Your assignment
Pictures stay out; everything else in the records below gets copied exactly.

Raw data

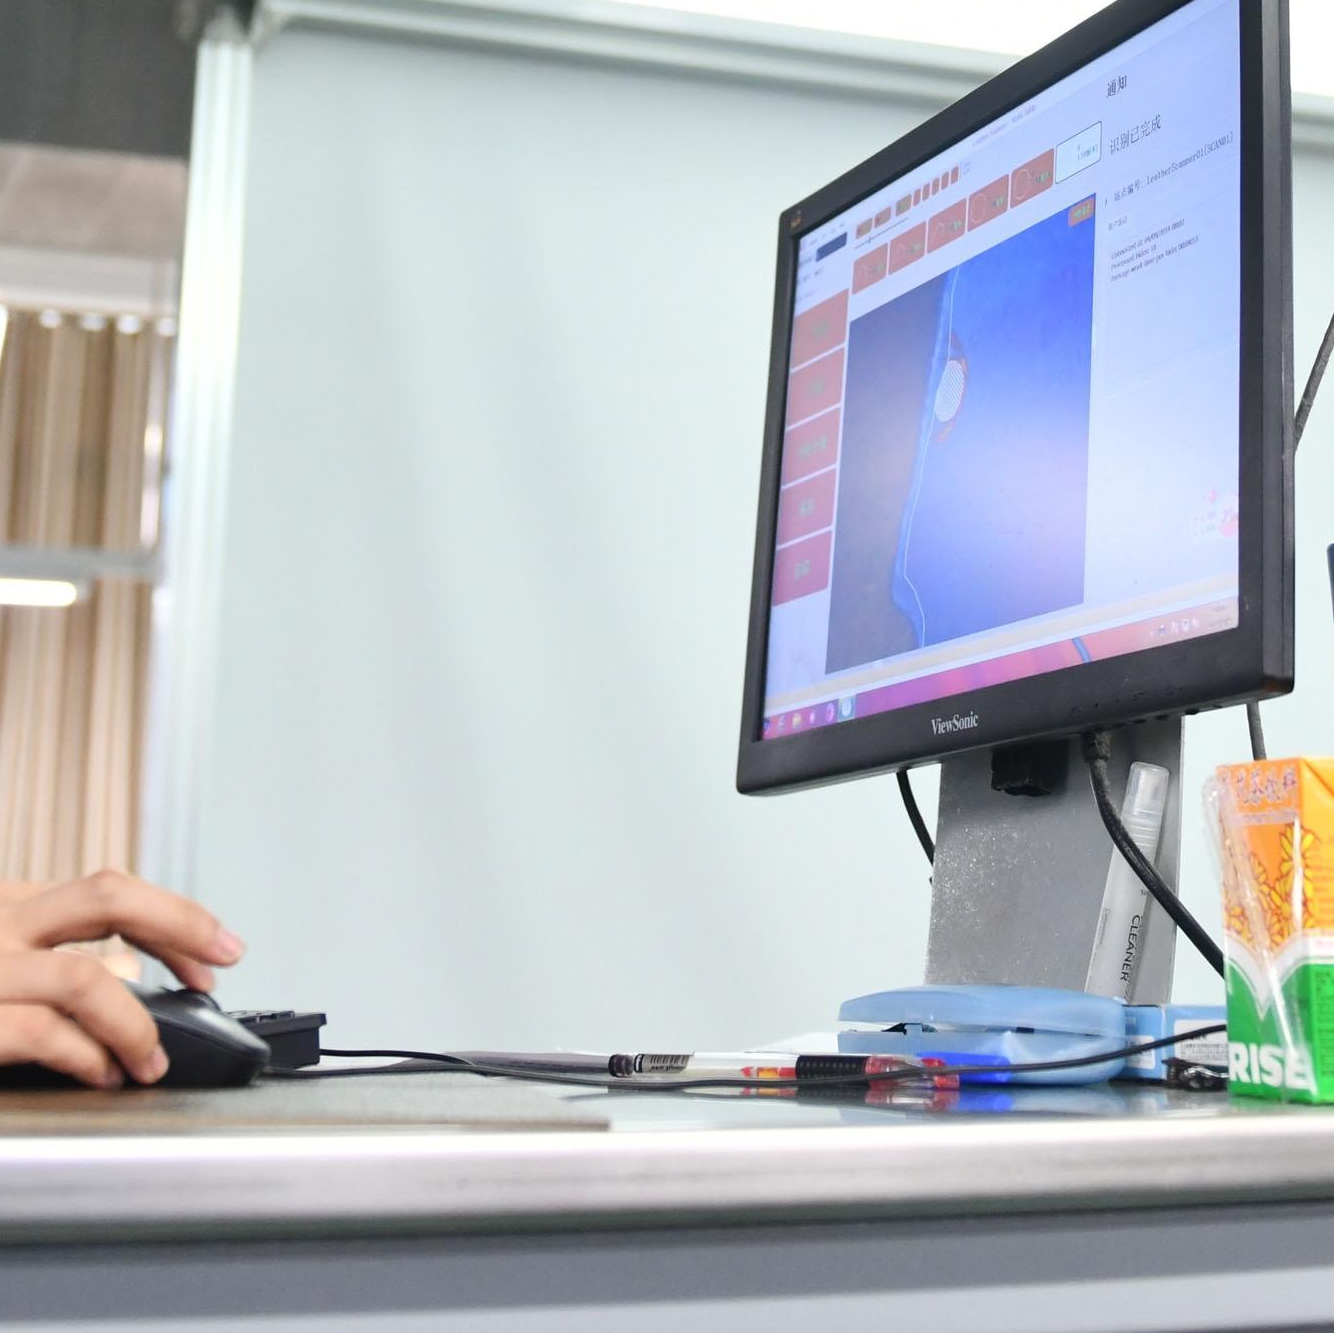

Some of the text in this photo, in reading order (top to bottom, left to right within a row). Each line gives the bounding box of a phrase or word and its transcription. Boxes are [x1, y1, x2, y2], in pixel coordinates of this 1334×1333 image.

[1106, 74, 1128, 98] 通知
[1109, 113, 1162, 155] 识别已完成
[930, 710, 979, 736] ViewSonic
[1119, 914, 1142, 982] CLEANER
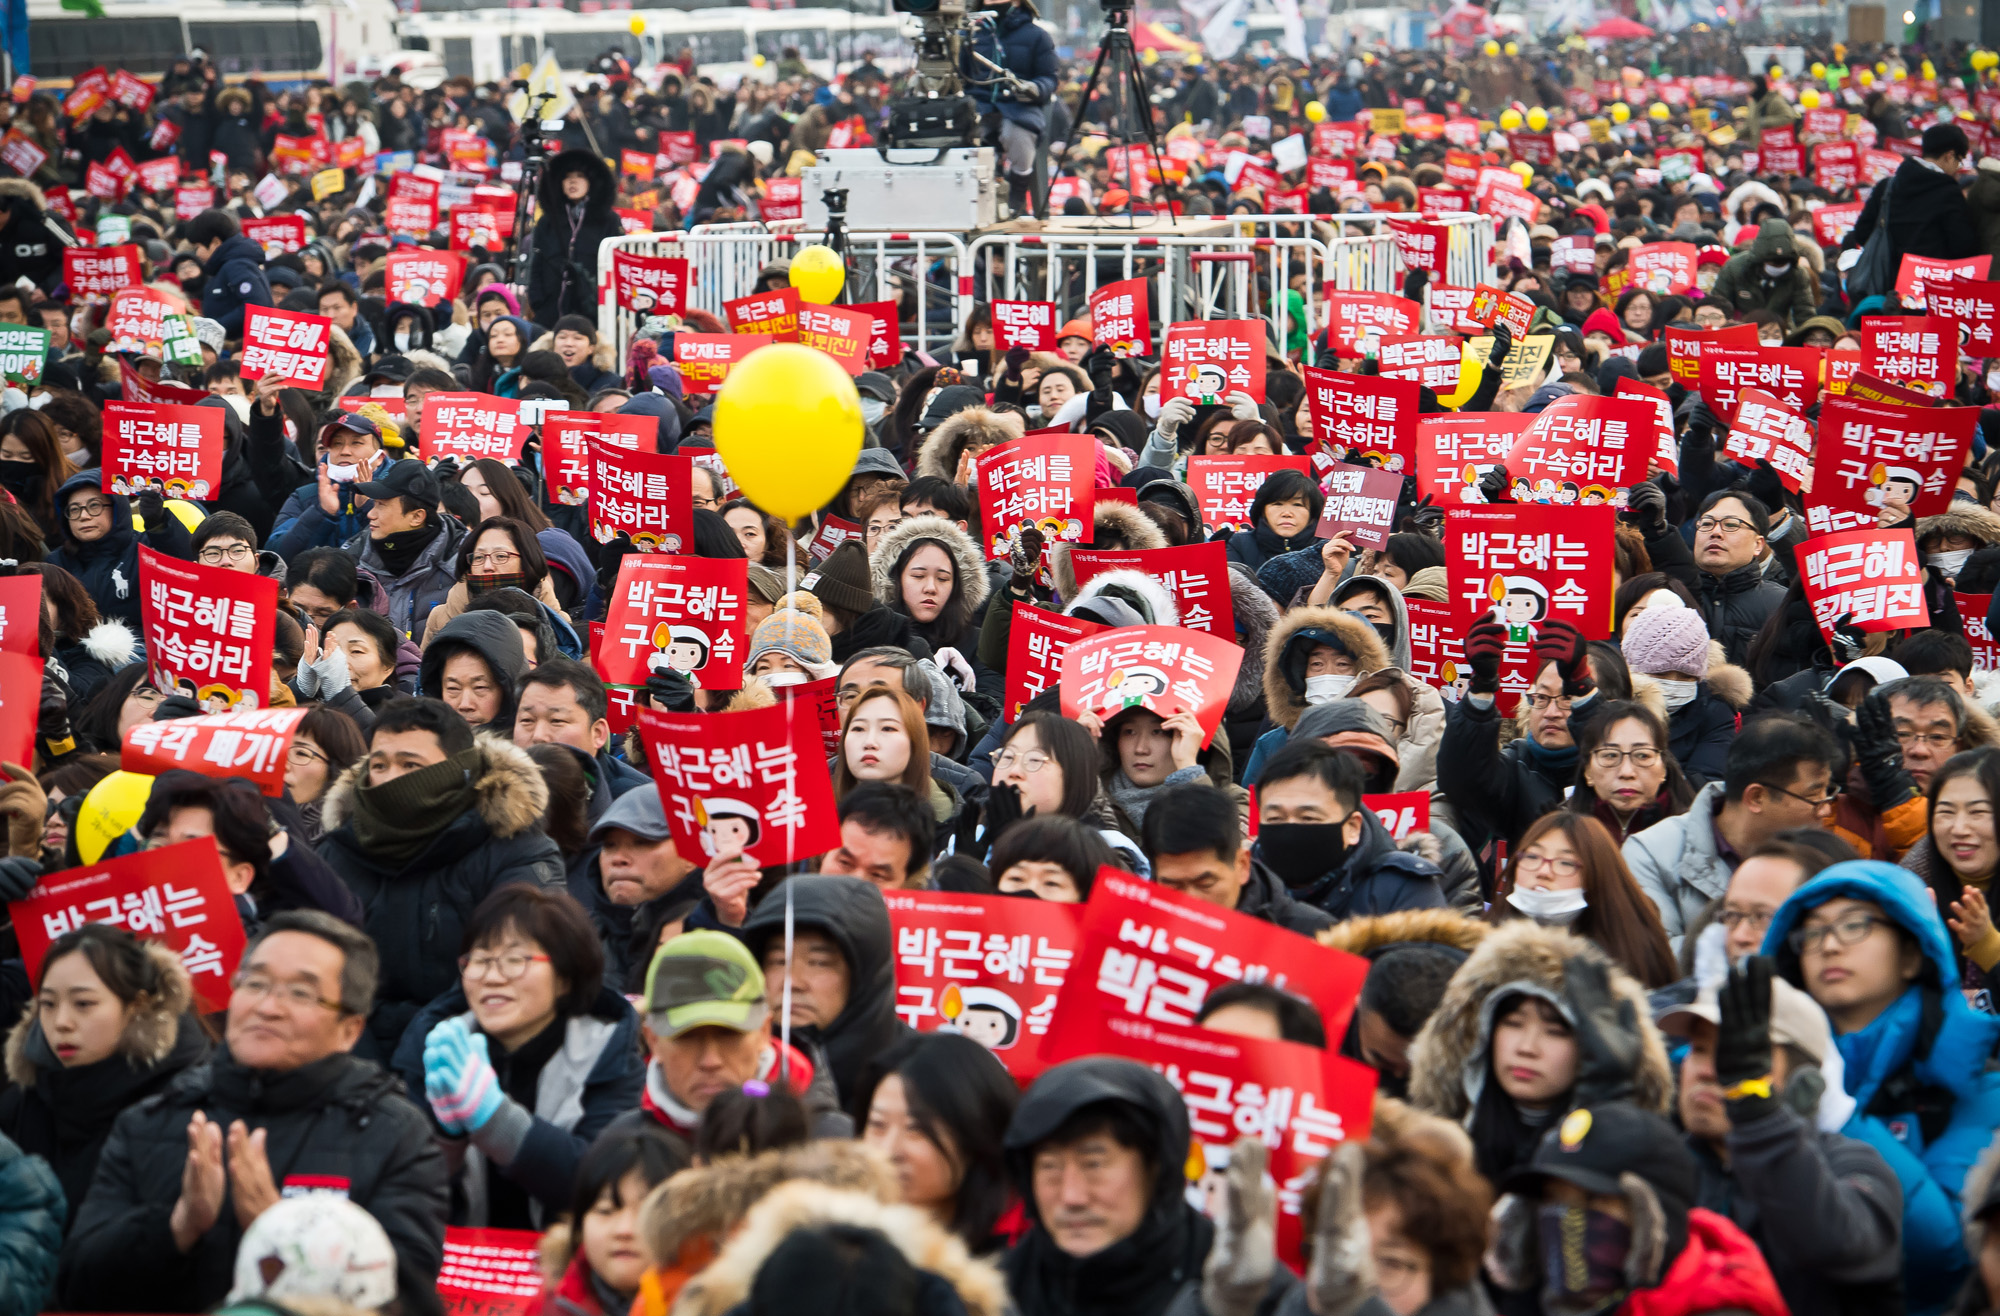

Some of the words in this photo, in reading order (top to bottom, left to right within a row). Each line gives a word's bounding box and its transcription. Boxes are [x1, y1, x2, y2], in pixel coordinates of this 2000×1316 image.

Result for this exercise
Some of the text in this photo, in reading order (top to bottom, left to right within a row). Each line gives the bounding box of a phrase or word and its transcription. Boxes are [x1, y1, x2, y2], in pixel coordinates of this 1334×1333 image.

[1106, 74, 1128, 98] 通知
[1109, 113, 1162, 155] 识别已完成
[930, 710, 979, 736] ViewSonic
[1119, 914, 1142, 982] CLEANER

Some of the words in this photo, in reading order (top to bottom, left to right within a row). Each line gives a word's bounding box and its transcription. Boxes are [x1, y1, x2, y2], in pixel coordinates of this 2000×1316 image.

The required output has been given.